**TASK DESCRIPTION**
An image-free, exact copy of the records below is required.

**PROVIDED RECORDS**
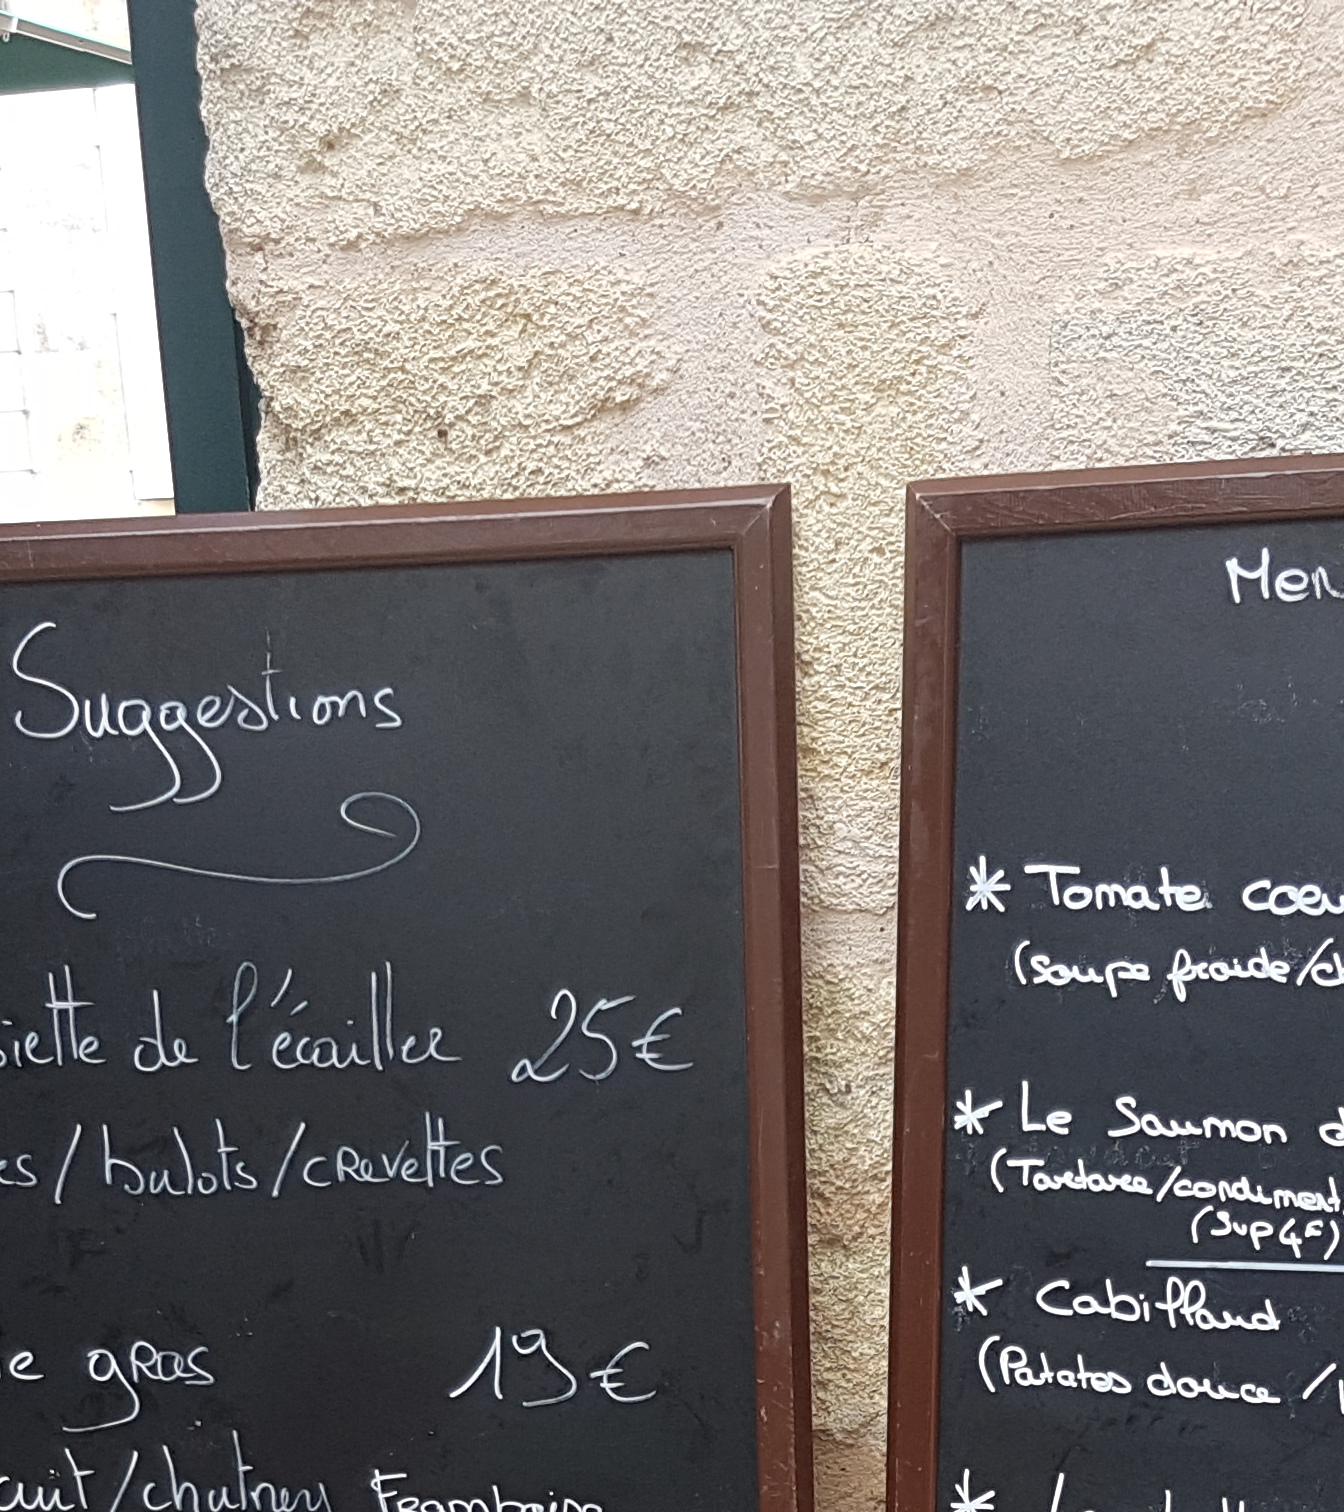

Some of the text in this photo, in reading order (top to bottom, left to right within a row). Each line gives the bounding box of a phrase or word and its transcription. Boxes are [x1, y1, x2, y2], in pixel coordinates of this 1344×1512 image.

[11, 620, 403, 812] Suggestions
[1023, 861, 1208, 912] Tomate
[1013, 939, 1151, 999] (soupe
[133, 989, 199, 1072] de
[225, 960, 462, 1071] l'écailler
[510, 988, 694, 1083] 25€
[1020, 1079, 1073, 1136] Le
[1107, 1094, 1288, 1145] Saumon
[1035, 1275, 1282, 1331] Cabillaud
[62, 1340, 215, 1432] gras
[1146, 1361, 1282, 1404] douce
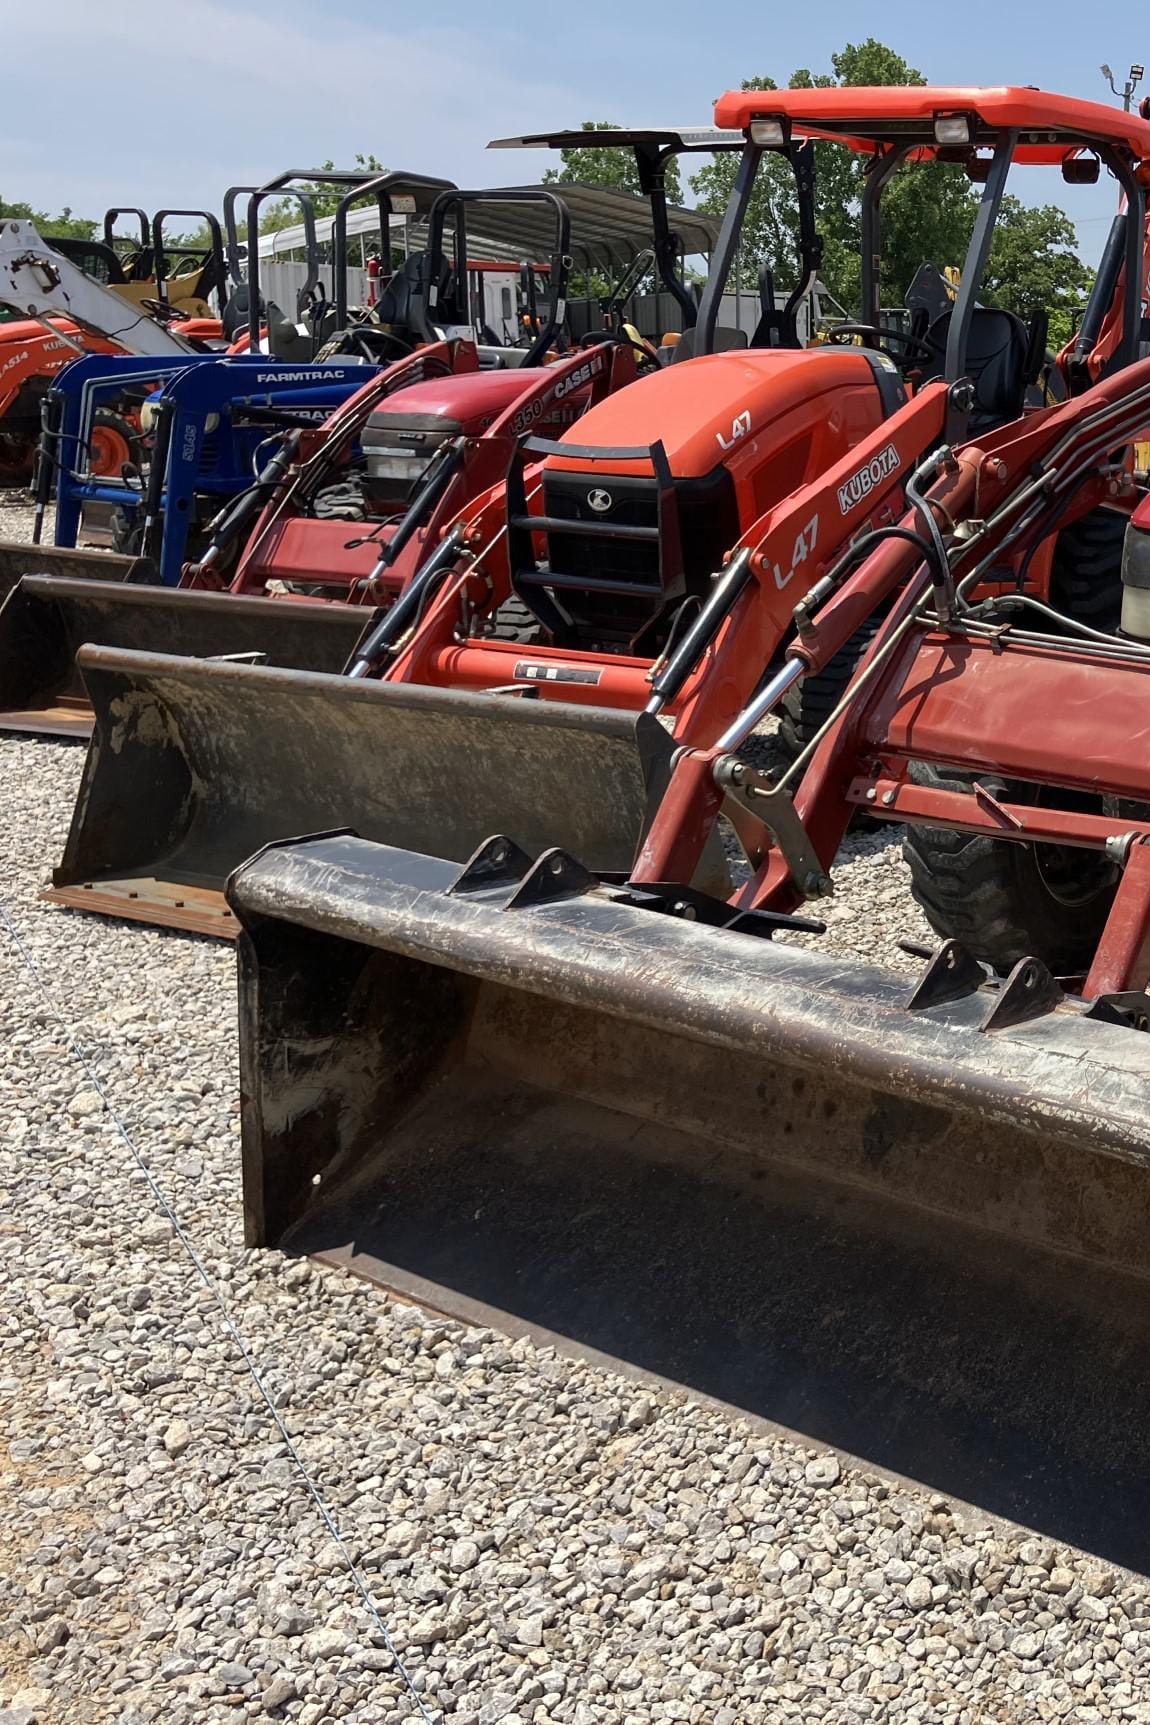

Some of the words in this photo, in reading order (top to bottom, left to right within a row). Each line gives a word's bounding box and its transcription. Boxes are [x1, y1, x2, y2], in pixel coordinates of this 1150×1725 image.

[42, 335, 85, 352] KUBTA
[257, 369, 345, 383] FARMTRAC
[554, 364, 592, 399] CASE
[715, 409, 752, 450] L47
[837, 443, 901, 516] KUBOTA
[773, 513, 820, 590] L47

**TASK ANSWER**
Some of the text in this photo, in reading order (top to bottom, left to right within a row). Each line gives the bounding box of a phrase or word and its transcription. Boxes are [x1, y1, x2, y2], in pixel coordinates of this 1344×1512 image.

[11, 620, 403, 812] Suggestions
[1023, 861, 1208, 912] Tomate
[1013, 939, 1151, 999] (soupe
[133, 989, 199, 1072] de
[225, 960, 462, 1071] l'écailler
[510, 988, 694, 1083] 25€
[1020, 1079, 1073, 1136] Le
[1107, 1094, 1288, 1145] Saumon
[1035, 1275, 1282, 1331] Cabillaud
[62, 1340, 215, 1432] gras
[1146, 1361, 1282, 1404] douce

Some of the words in this photo, in reading order (top to bottom, left to right within a row). Each line gives a word's bounding box and its transcription. Boxes are [x1, y1, x2, y2], in pixel coordinates of this 1150×1725 image.

[42, 335, 85, 352] KUBTA
[257, 369, 345, 383] FARMTRAC
[554, 364, 592, 399] CASE
[715, 409, 752, 450] L47
[837, 443, 901, 516] KUBOTA
[773, 513, 820, 590] L47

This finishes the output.